Court of Appeals Ninth District of Texas at Beaumont ________________

NO. 09-14-00248-CR ________________

ERNEST VARRIEN BURNS JR., Appellant

V.

THE STATE OF TEXAS, Appellee __________________________________________________________________

On Appeal from the 252nd District Court Jefferson County, Texas Trial Cause No. 11-11968 __________________________________________________________________

MEMORANDUM OPINION

Pursuant to a plea bargain agreement, appellant Ernest Varrien Burns Jr.1

pleaded guilty to aggravated robbery.
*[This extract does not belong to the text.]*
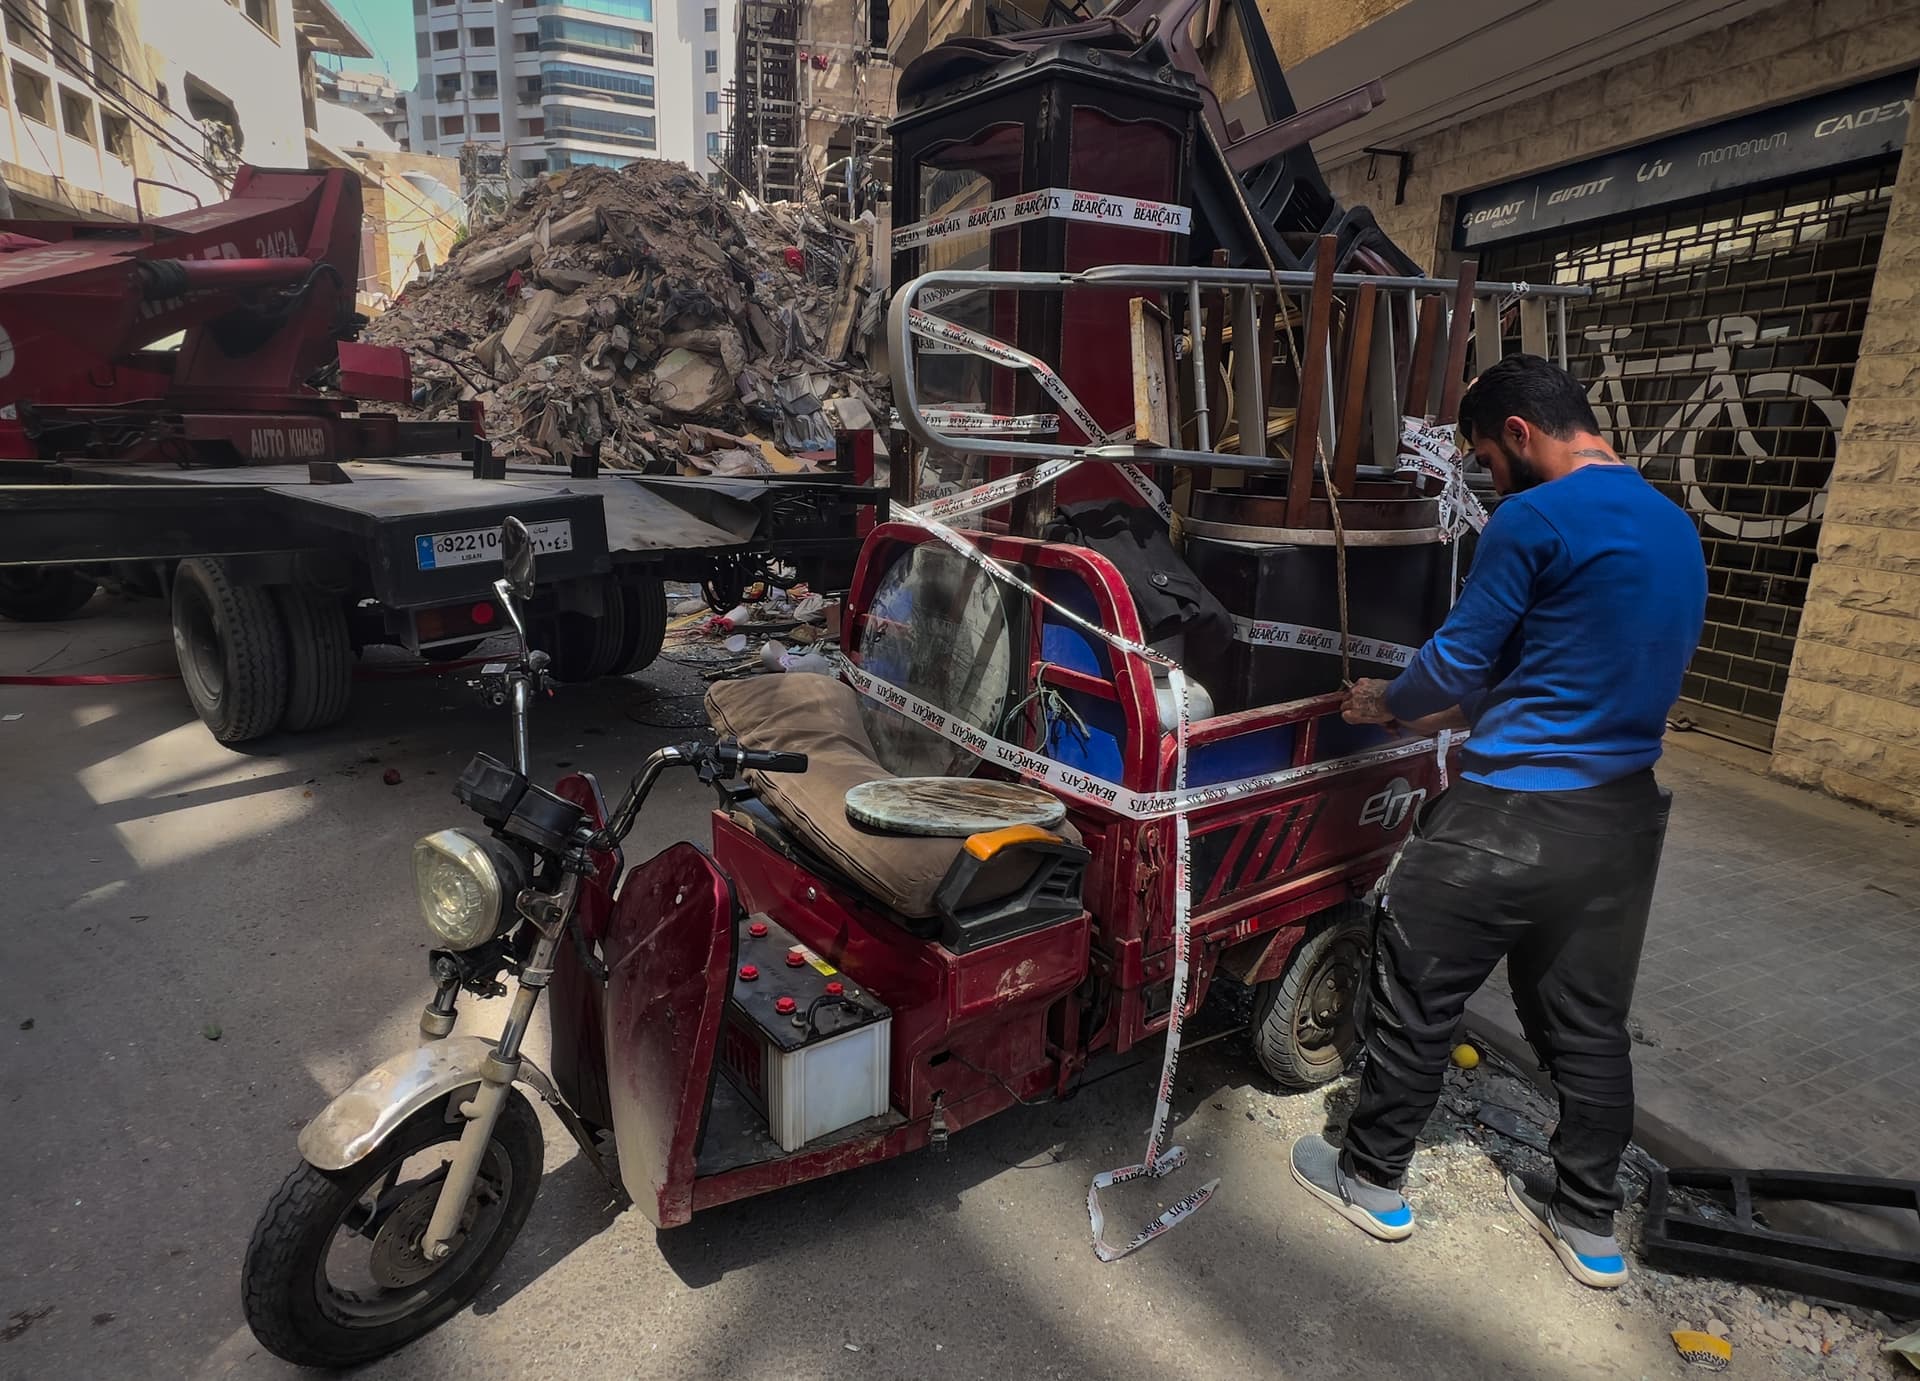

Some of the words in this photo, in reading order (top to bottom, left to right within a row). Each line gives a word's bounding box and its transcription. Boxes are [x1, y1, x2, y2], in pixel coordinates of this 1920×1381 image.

The trial court found the evidence sufficient

to find Burns guilty, but deferred further proceedings, placed Burns on community

supervision for seven years, and assessed a fine of $500. The State subsequently

filed a motion to revoke Burns’s unadjudicated community supervision. Burns

1 The trial court’s judgment indicates that Burns is also known as “Pinto” and “Ernest Varrien Burns[.]” 1 pleaded “true” to three violations of the conditions of his community supervision.

The trial court found that Burns violated the conditions of his community

supervision, found Burns guilty of aggravated robbery, and assessed punishment at

ten years of confinement.

Burns’s appellate counsel filed a brief that presents counsel’s professional

evaluation of the record and concludes the appeal is frivolous. See Anders v.

California, 386 U.S. 738 (1967); High v. State, 573 S.W.2d 807 (Tex. Crim. App.

1978). On July 28, 2014, we granted an extension of time for Burns to file a pro se

brief. We received no response from Burns. We reviewed the appellate record, and

we agree with counsel’s conclusion that no arguable issues support an appeal.

Therefore, we find it unnecessary to order appointment of new counsel to re-brief

the appeal. Compare Stafford v. State, 813 S.W.2d 503, 511 (Tex. Crim. App.

1991). We affirm the trial court’s judgment. 2

AFFIRMED.

_________________________ STEVE McKEITHEN Chief Justice

2 Burns may challenge our decision in this case by filing a petition for discretionary review. See Tex. R. App. P. 68. 2 Submitted on November 3, 2014 Opinion Delivered December 10, 2014 Do Not Publish

Before McKeithen, C.J., Kreger and Horton, JJ.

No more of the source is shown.